The Asociacion para el Desarrollo Rural Integral (ADRI) began working in rural Guatemala just two years ago, but the impact on the local Mayan community has been incredible. Since 2010, Direct Relief has partnered with ADRI to provide medical equipment and supplies to 14 health centers and three hospitals, which provide services to about 800,000 people. On Tuesday, Executive Director Borys Chinchilla and Project Manager Ruby Aralos visited Direct Relief’s offices to update staff and Board members about ADRI’s work.
ADRI works in an area called Alta Verapaz, in the impoverished eastern region of Guatemala, which is inhabited mostly by indigenous Mayan people. The organization works with a four-tiered model for successful development in each village or community that consists of income generation, agricultural production, water and sanitation, and health and education. There are over 22 local languages spoken in Guatemala, and the indigenous people have been living in the area for 500 years. Since 80 percent of ADRI’s staff is from the Alta Verapaz area, they have the unique ability to understand cultural traditions and effectively communicate with the people.
The region of Alta Verapaz has the second-highest maternal mortality rate in Guatemala, so ADRI’s work in health development focuses on pregnancy, maternal health, and family planning. Guatemalan families tend to be very large, frequently with seven or eight children, which creates problems in health, education, and income generation.
“(Many) women in Guatemala don’t want more children, but don’t know what to do about it,” explained Chinchilla.
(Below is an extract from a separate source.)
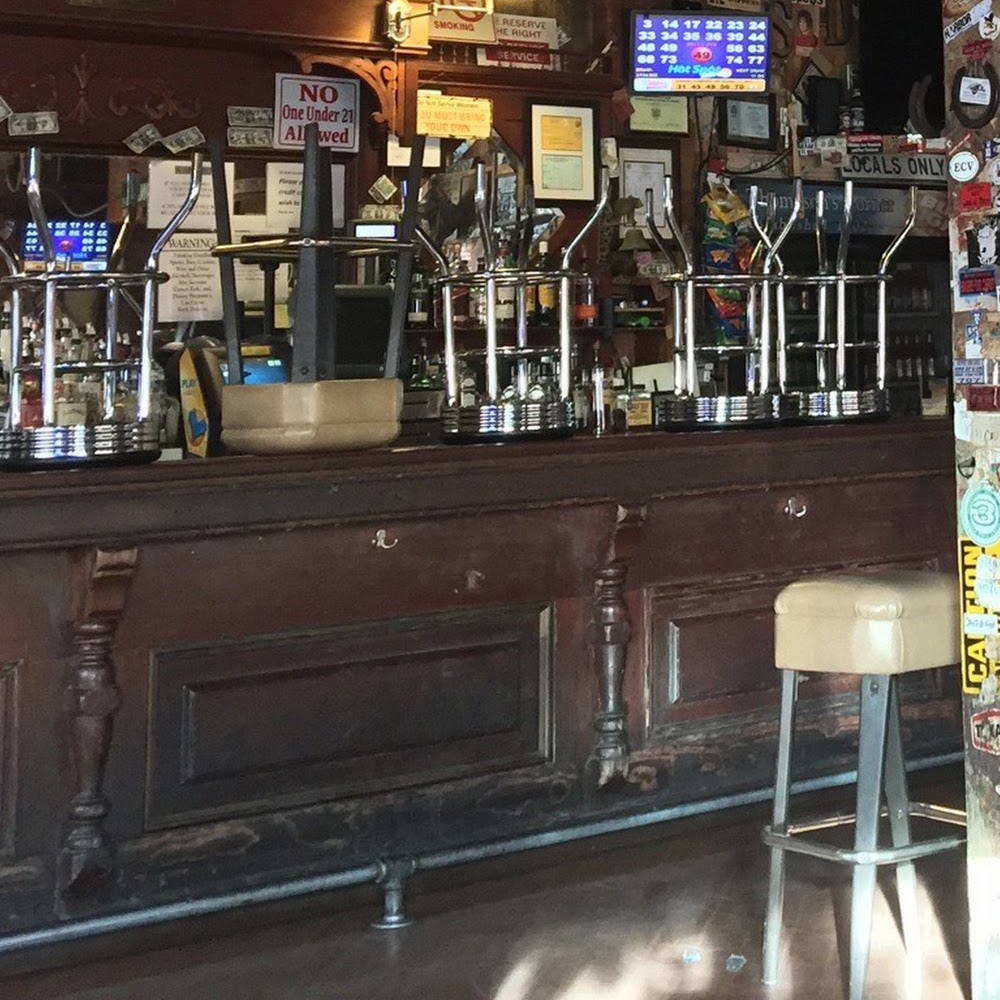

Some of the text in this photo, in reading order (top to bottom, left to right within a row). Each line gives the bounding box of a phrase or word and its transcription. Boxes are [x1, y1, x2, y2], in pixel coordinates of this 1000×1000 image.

ADRI trains local youth on family planning, HIV/AIDS prevention, and safe births. Locals form “pregnant women circles” where older women coach younger women on pregnancy and the importance of getting to a hospital or health center for childbirth. These circles pass on valuable knowledge to the younger generation of mothers. ADRI also works with men in the local communities to teach them to recognize and respond to potential danger signs during pregnancy.
The health centers also work closely with educating local people about hygiene and sanitation, especially for water. “The second leading cause of mortality for children in Guatemala is diarrhea from unclean water,” said Chinchilla. ADRI helps local communities build wells, latrines, garbage dumps, and cesspits to improve health and sanitation to address this problem.
In terms of health and medicine, a triangular support system has been implemented between ADRI, Direct Relief, and the Portland-based Jack and Marie Eiting Foundation. ADRI assesses the needs of a particular community, the Eiting Foundation provides monetary support for ADRI to purchase local medicines, and Direct Relief provides required equipment for the clinic to function.
“This system is working very well,” said Chinchilla. This way, ADRI can save on transportation costs for medicines but still make sure all local health needs are met.
The ADRI health centers reach about 800,000 Guatemalans who would otherwise depend on the government’s public health system. Frequently the government system has significant gaps, as pharmacies usually lack medicines and hospitals prove to be expensive and ineffective.
“With all the red tape and politics in the Guatemalan government, the healthcare system often fails, so medical aid from Direct Relief is really needed,” said Chinchilla. “Last year our centers were the only place in the country that could provide both equipment and medicine to people.”
Most Guatemalans have access to less than $10 a year for health care, said Chinchilla, and so the work and medical support ADRI provides to improve people’s lives is vital.
“These people have been living in poverty for so long that they don’t see a future anymore, and we try to help them see a vision for how they can improve their lives,” said Chinchilla. “I’m here for those thousands of people today to say ‘thank you’.”